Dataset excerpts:

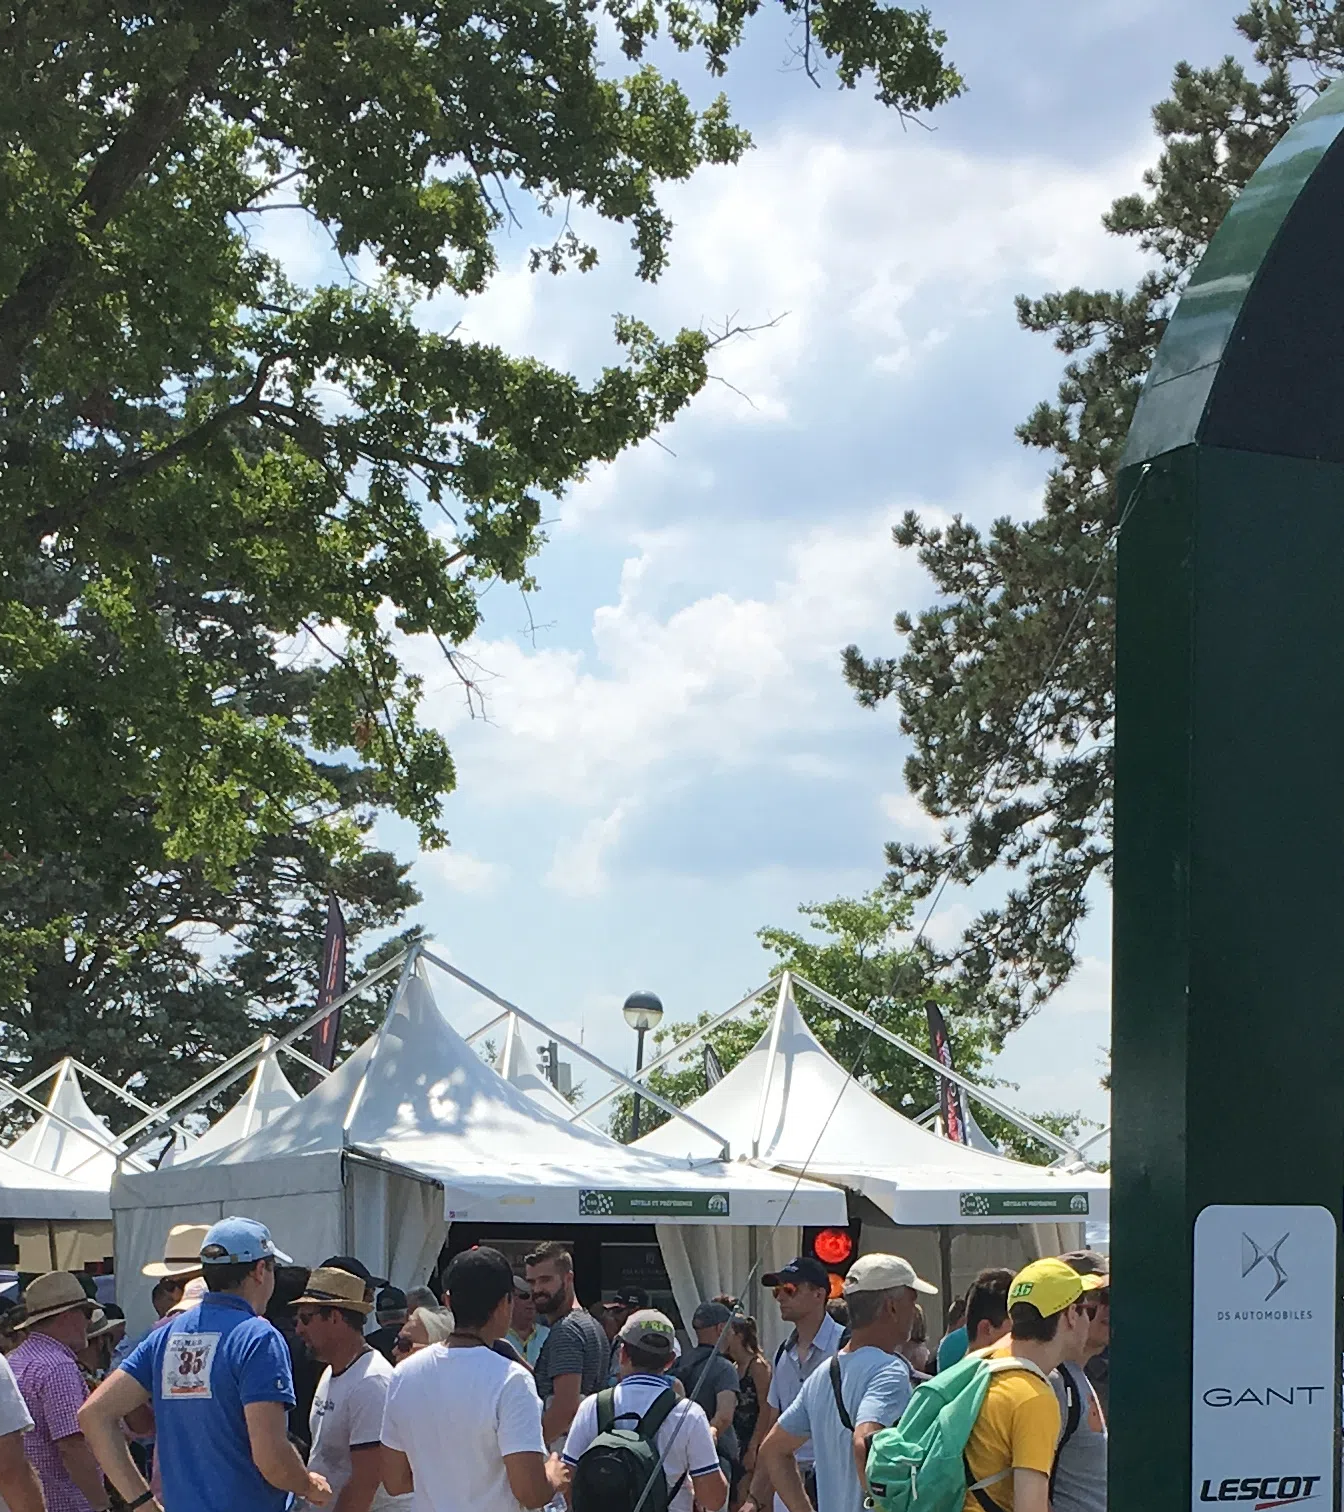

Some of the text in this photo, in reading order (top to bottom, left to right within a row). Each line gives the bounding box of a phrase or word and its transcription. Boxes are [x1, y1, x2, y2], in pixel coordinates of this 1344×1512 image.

[1217, 1310, 1313, 1321] DS AUTOMOBILES
[1202, 1386, 1325, 1408] GANT
[1199, 1475, 1322, 1502] LESCOT
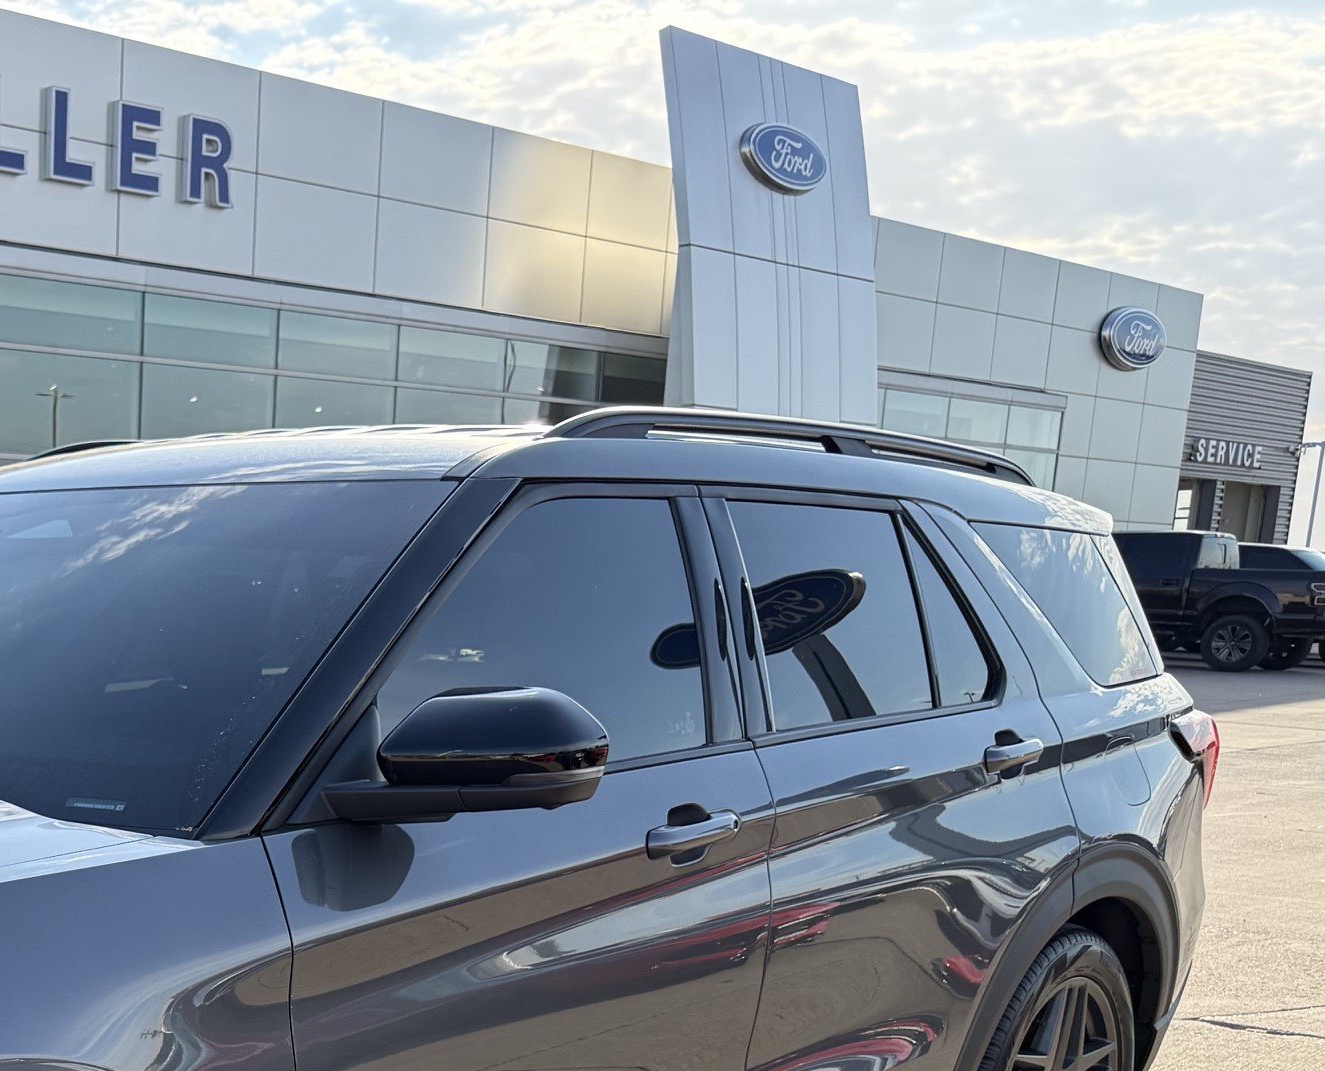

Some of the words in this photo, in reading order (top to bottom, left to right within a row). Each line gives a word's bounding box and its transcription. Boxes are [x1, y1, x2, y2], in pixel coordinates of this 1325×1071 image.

[771, 135, 814, 177] Ford
[1125, 320, 1158, 356] Ford
[1196, 438, 1263, 468] SERVICE
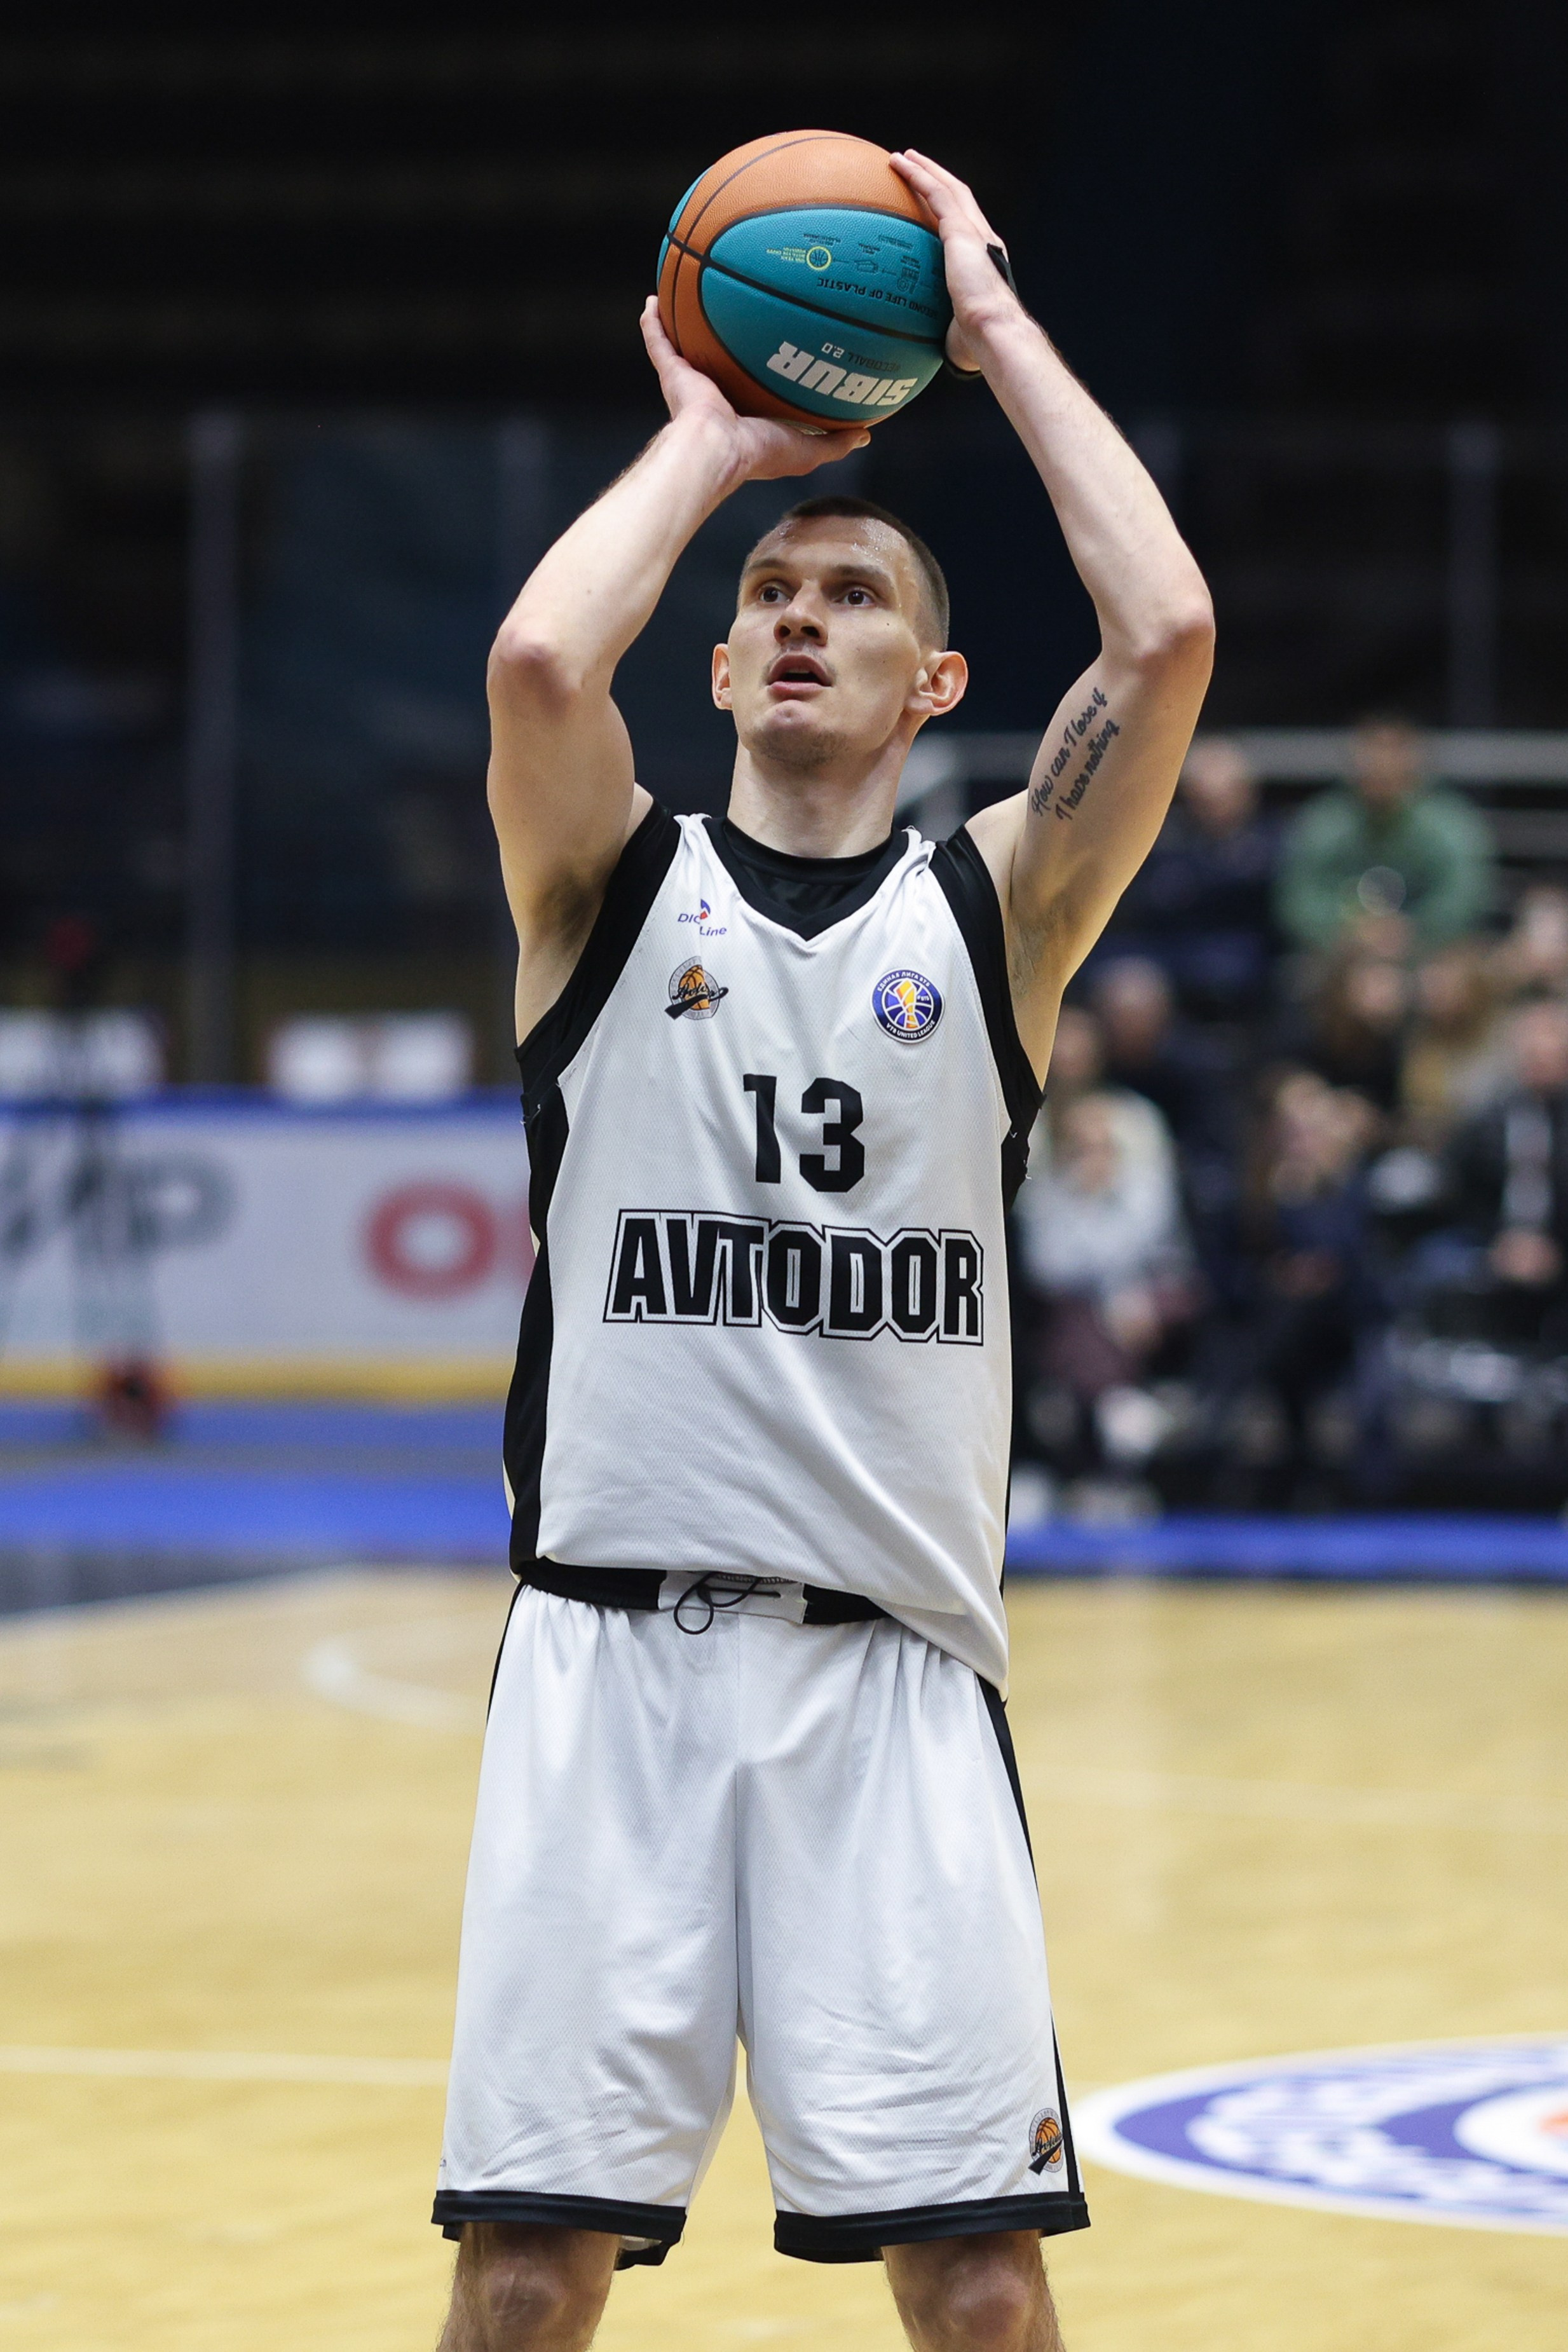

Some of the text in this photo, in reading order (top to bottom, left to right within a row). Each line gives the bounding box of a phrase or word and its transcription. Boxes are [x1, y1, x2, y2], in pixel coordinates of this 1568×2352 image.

About this task:
Leaving the images out, print the records above exactly.

Written solution:
Some of the text in this photo, in reading order (top to bottom, left to right within a row). Each line gives the bounding box of a phrase or word and its transcription. Boxes are [x1, y1, x2, y2], in pixel coordinates of this 1344×1512 image.

[1217, 1310, 1313, 1321] DS AUTOMOBILES
[1202, 1386, 1325, 1408] GANT
[1199, 1475, 1322, 1502] LESCOT

Some of the words in this photo, in reading order (top to bottom, left to right within a row). Each line gives a word's bounding box and its transcription. Boxes are [x1, y1, x2, y2], in pixel coordinates of this 1325×1071 image.

[771, 135, 814, 177] Ford
[1125, 320, 1158, 356] Ford
[1196, 438, 1263, 468] SERVICE

Some of the text in this photo, in reading order (top to bottom, left to right within a row). Each line gives the bounding box of a phrase or word and its transcription. Boxes are [x1, y1, x2, y2], in pixel coordinates of this 1568×2352 image.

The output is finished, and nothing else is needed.